Buddhism was also introduced early on, with records mentioning its existence in the 2nd-century. Since traders had been visiting Bali since around 200 BCE, it is possible that both Buddhism and Hinduism have existed to some extent in Bali for much longer. Bali has had a long history with both religions; ancient records indicate they co-existed as major religions here for at least seven hundred years. In fact, many people in Bali would practice an amalgamation of both together.

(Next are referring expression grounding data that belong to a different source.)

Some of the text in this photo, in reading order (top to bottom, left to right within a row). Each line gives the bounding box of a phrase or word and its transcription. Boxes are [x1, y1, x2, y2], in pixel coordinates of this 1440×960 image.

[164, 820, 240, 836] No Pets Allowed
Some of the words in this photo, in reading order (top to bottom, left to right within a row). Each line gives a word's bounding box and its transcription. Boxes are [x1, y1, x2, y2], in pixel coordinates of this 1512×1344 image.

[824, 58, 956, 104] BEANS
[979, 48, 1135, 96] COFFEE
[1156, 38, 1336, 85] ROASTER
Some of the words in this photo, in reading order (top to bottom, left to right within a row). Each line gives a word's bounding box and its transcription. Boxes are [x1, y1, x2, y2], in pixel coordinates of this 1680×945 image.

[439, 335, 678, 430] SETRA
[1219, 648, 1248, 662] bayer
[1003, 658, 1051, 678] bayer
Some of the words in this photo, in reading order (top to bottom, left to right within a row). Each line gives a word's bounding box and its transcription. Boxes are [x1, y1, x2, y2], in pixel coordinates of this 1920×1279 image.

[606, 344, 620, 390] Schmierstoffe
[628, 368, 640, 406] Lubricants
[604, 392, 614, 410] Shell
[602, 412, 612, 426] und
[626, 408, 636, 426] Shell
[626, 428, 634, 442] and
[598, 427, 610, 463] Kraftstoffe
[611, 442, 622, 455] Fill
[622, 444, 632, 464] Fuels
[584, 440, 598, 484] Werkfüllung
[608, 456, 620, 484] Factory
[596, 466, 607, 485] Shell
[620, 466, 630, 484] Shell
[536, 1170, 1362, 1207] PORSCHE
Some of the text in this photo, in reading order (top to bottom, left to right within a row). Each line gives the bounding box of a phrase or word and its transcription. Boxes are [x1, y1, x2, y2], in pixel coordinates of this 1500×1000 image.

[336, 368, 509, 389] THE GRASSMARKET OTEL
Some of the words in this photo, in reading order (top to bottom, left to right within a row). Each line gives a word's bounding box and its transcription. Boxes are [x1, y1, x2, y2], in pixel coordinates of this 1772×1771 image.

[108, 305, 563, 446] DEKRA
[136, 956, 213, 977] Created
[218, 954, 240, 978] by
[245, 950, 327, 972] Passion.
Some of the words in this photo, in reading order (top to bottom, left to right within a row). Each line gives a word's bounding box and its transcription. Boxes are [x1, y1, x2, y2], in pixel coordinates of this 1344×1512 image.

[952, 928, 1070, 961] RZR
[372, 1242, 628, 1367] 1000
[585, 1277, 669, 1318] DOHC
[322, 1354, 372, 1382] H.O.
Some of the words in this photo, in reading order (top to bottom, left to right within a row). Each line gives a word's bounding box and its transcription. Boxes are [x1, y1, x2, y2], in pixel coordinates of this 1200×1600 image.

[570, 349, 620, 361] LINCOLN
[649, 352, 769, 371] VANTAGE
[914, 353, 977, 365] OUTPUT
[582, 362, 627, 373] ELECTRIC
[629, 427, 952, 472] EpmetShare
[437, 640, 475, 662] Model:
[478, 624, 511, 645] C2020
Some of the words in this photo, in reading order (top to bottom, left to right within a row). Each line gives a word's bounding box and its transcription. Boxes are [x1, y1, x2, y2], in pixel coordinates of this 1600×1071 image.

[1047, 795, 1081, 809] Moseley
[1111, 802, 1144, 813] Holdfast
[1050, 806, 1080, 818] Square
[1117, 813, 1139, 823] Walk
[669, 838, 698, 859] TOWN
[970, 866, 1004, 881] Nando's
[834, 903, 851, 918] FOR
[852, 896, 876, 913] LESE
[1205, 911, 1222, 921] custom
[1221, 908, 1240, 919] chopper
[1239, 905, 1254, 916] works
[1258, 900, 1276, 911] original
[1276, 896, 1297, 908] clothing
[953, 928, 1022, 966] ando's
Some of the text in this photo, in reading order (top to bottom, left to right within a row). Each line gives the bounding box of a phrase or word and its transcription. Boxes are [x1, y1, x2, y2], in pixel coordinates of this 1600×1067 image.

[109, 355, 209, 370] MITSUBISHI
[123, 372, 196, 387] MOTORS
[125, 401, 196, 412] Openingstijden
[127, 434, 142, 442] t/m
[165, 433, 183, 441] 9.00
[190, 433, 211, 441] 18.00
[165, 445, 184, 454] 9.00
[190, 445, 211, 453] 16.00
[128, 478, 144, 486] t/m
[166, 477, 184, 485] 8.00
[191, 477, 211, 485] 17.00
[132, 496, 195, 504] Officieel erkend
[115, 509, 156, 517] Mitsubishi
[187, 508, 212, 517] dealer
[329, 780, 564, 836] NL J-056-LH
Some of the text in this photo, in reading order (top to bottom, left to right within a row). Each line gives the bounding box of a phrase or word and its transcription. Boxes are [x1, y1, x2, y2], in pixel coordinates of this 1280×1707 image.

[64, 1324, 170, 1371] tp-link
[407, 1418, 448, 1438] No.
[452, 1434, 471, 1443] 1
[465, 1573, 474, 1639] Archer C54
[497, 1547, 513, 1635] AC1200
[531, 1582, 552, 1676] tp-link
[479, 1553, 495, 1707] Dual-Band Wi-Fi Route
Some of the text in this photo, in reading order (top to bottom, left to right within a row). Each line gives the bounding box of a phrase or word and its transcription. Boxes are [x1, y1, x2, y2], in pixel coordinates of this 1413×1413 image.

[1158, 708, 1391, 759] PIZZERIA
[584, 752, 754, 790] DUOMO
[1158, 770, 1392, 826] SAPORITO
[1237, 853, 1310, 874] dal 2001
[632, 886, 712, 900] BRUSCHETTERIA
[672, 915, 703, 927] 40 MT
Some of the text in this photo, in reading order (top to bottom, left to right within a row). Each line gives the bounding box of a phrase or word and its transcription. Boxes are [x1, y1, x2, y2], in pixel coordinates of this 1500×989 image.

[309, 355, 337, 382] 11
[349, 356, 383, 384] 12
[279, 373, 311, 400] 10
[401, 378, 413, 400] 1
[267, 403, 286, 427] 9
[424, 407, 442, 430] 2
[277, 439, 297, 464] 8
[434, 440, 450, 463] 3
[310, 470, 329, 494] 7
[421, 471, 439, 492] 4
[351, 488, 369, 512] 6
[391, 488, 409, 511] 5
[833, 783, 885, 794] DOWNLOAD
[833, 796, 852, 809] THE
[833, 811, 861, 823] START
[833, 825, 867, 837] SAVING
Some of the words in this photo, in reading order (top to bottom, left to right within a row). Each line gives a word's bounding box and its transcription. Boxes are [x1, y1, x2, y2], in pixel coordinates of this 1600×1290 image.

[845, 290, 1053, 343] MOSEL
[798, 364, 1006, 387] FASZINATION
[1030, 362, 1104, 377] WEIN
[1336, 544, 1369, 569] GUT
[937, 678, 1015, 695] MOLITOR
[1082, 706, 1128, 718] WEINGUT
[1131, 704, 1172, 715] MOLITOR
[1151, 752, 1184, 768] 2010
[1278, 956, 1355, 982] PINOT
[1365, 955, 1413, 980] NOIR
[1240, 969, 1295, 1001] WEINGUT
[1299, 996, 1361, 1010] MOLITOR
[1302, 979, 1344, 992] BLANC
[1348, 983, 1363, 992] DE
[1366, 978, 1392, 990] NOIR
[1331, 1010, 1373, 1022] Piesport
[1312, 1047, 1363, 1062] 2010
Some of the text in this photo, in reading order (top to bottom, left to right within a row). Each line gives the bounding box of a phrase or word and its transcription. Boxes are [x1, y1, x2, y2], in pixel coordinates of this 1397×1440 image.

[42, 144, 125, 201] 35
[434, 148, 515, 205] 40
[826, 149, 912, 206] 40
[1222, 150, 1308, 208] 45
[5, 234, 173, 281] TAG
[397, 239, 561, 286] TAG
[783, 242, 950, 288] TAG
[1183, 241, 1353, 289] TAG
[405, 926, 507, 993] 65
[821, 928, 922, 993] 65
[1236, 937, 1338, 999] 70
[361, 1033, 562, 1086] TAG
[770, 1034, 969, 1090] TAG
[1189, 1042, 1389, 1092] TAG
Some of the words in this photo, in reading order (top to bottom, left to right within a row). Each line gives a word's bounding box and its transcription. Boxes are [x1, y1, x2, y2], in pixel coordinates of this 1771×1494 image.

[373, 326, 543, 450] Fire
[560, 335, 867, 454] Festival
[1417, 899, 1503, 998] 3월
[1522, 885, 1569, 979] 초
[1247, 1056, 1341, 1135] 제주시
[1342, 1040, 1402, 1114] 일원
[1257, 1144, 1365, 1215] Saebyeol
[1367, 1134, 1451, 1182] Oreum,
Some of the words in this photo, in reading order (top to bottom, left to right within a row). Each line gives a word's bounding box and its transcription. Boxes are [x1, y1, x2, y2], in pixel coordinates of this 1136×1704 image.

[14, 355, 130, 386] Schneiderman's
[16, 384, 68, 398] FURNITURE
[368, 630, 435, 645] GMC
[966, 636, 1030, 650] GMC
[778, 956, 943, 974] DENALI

The effects of the Silk Road launched Bali into rapid expansion. From hunter-gatherer systems Bali grew into established villages, and into complex organized civilizations. Not much is known about the government structure until 914 CE, when ancient records make mention a king—Sri Kesarivarma. Bali was also noted to be an independent nation at this time, with both Hinduism and Buddhism being practiced at this time.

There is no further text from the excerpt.